Spatial localization data:
• • •

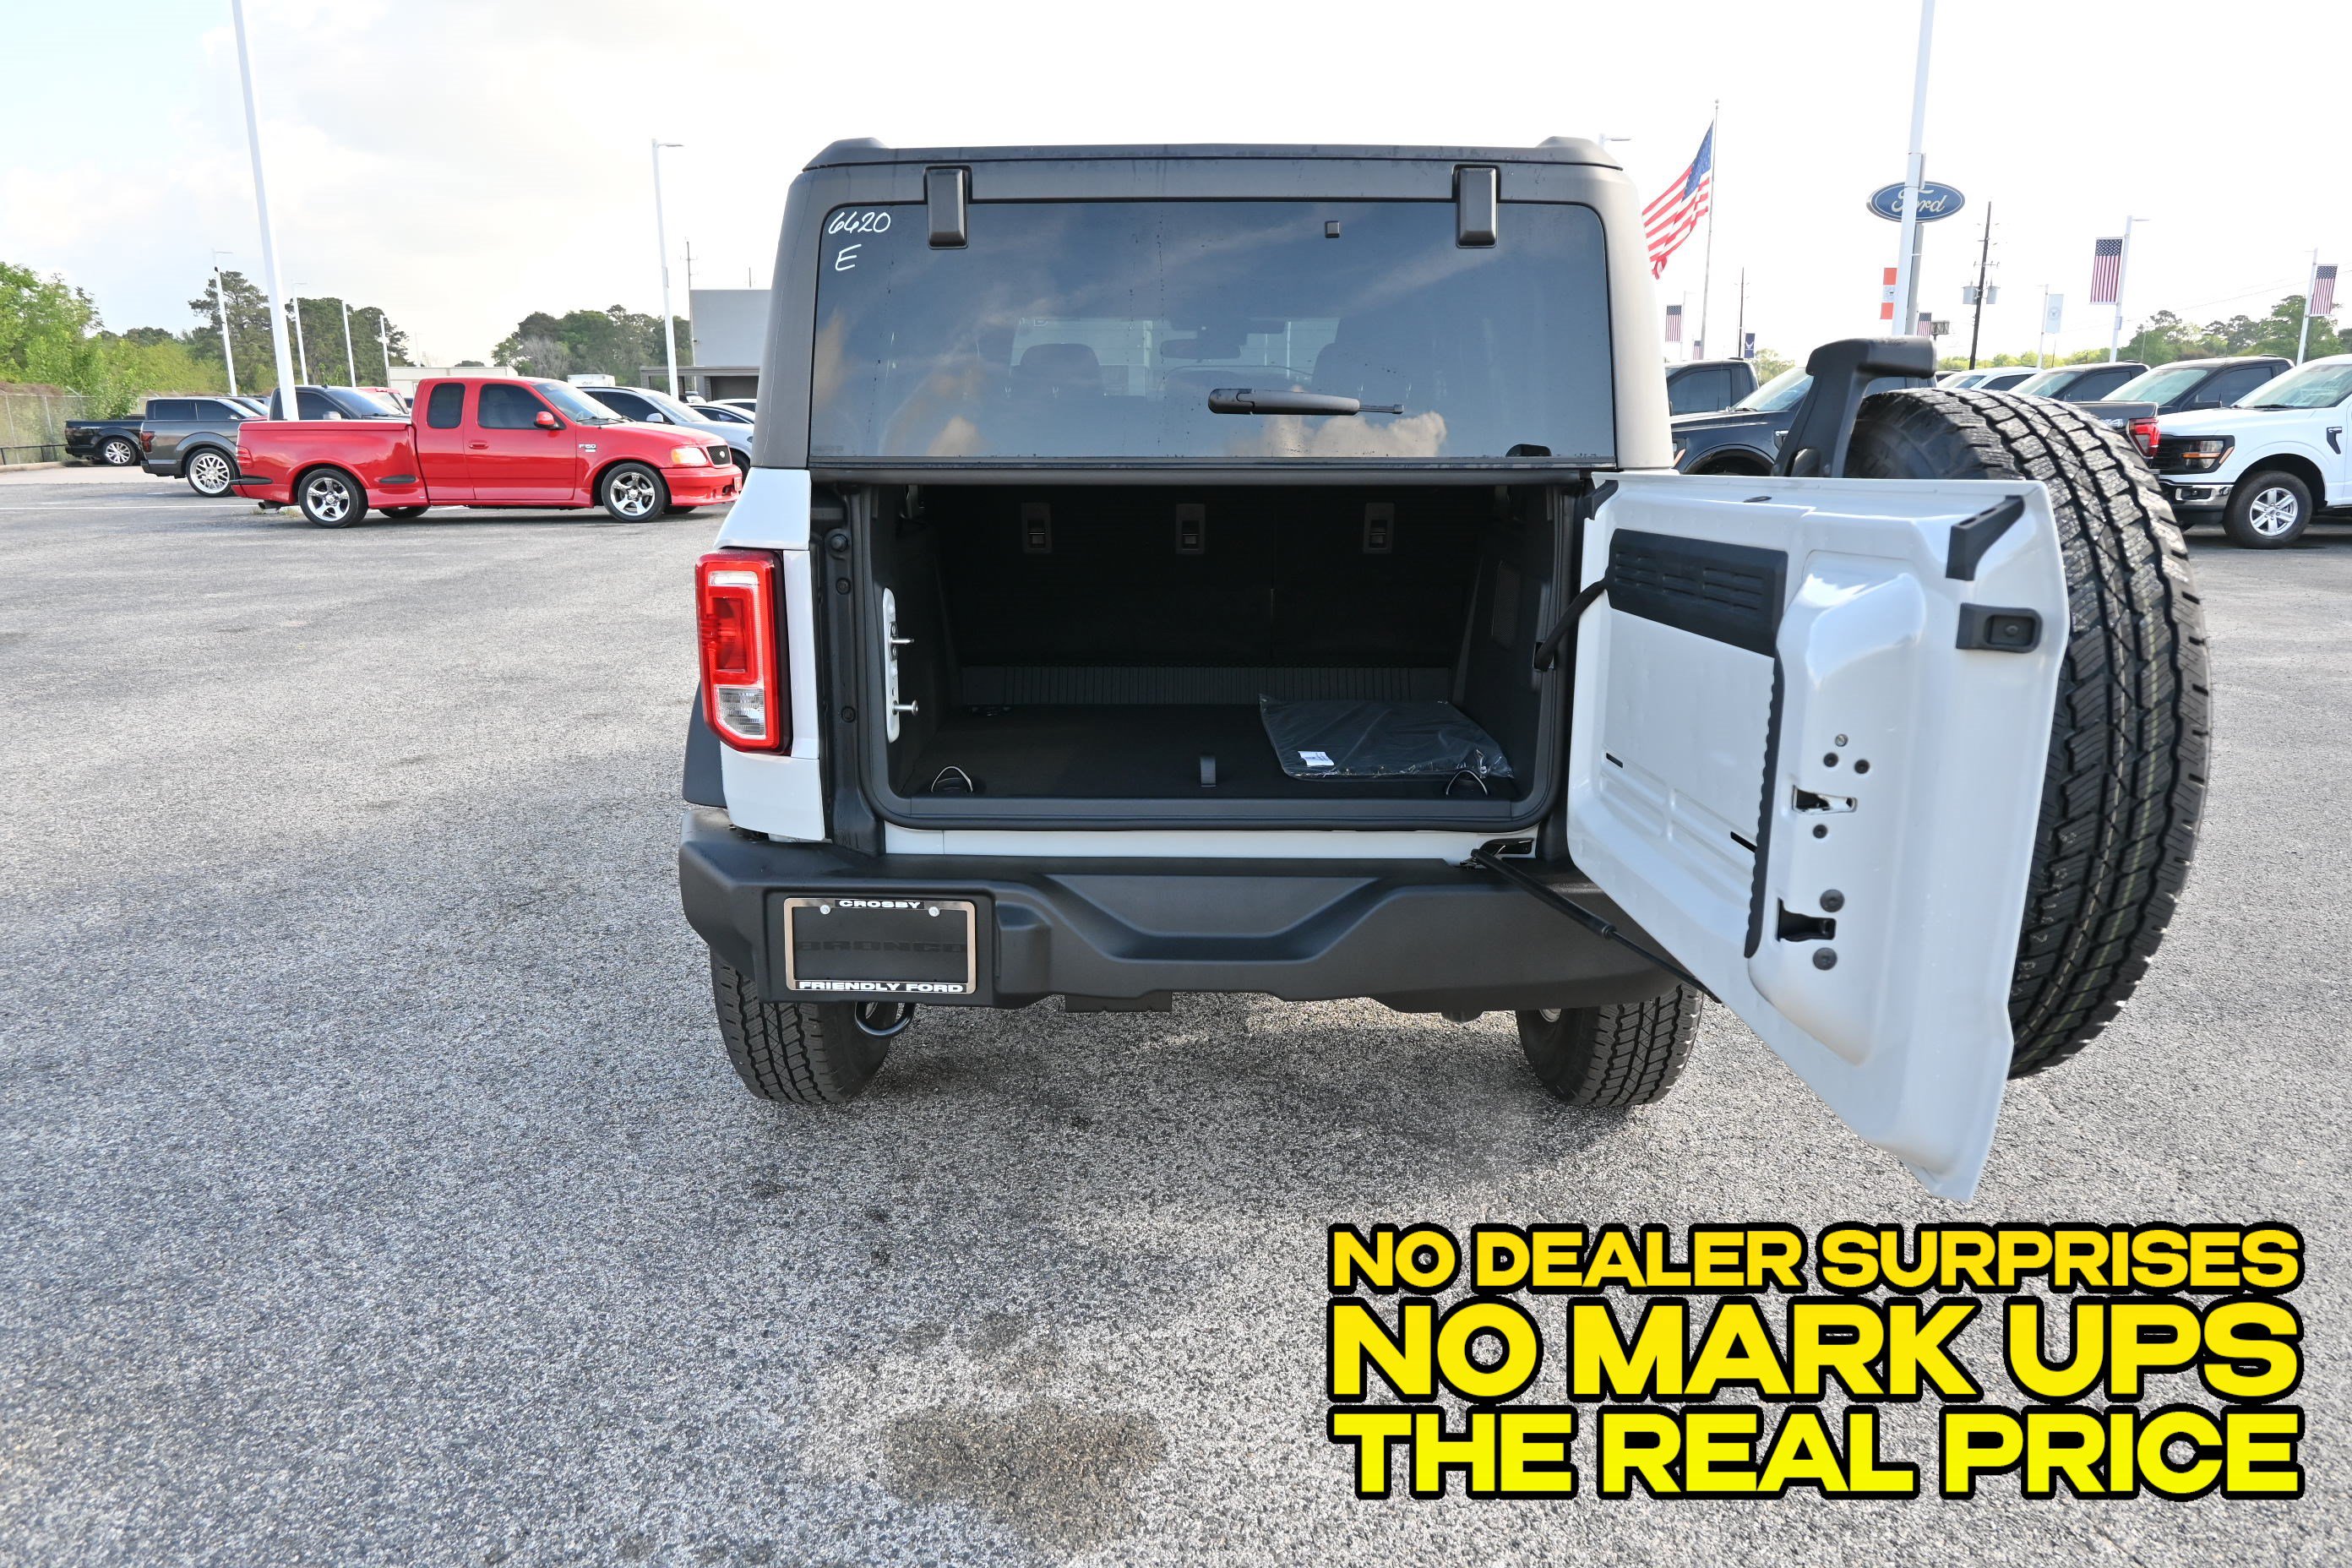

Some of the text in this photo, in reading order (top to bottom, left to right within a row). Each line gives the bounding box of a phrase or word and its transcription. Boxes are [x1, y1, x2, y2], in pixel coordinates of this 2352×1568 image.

[1891, 187, 1947, 213] Frd
[835, 243, 862, 271] E
[838, 899, 921, 910] CROSBY
[798, 981, 964, 994] FRIENDLY FORD

• • •

Your reply should be the entries above, repeated exactly and free of pictures.

Some of the text in this photo, in reading order (top to bottom, left to right within a row). Each line gives the bounding box of a phrase or word and its transcription. Boxes are [x1, y1, x2, y2], in pixel coordinates of this 2352×1568 image.

[1891, 187, 1947, 213] Frd
[835, 243, 862, 271] E
[838, 899, 921, 910] CROSBY
[798, 981, 964, 994] FRIENDLY FORD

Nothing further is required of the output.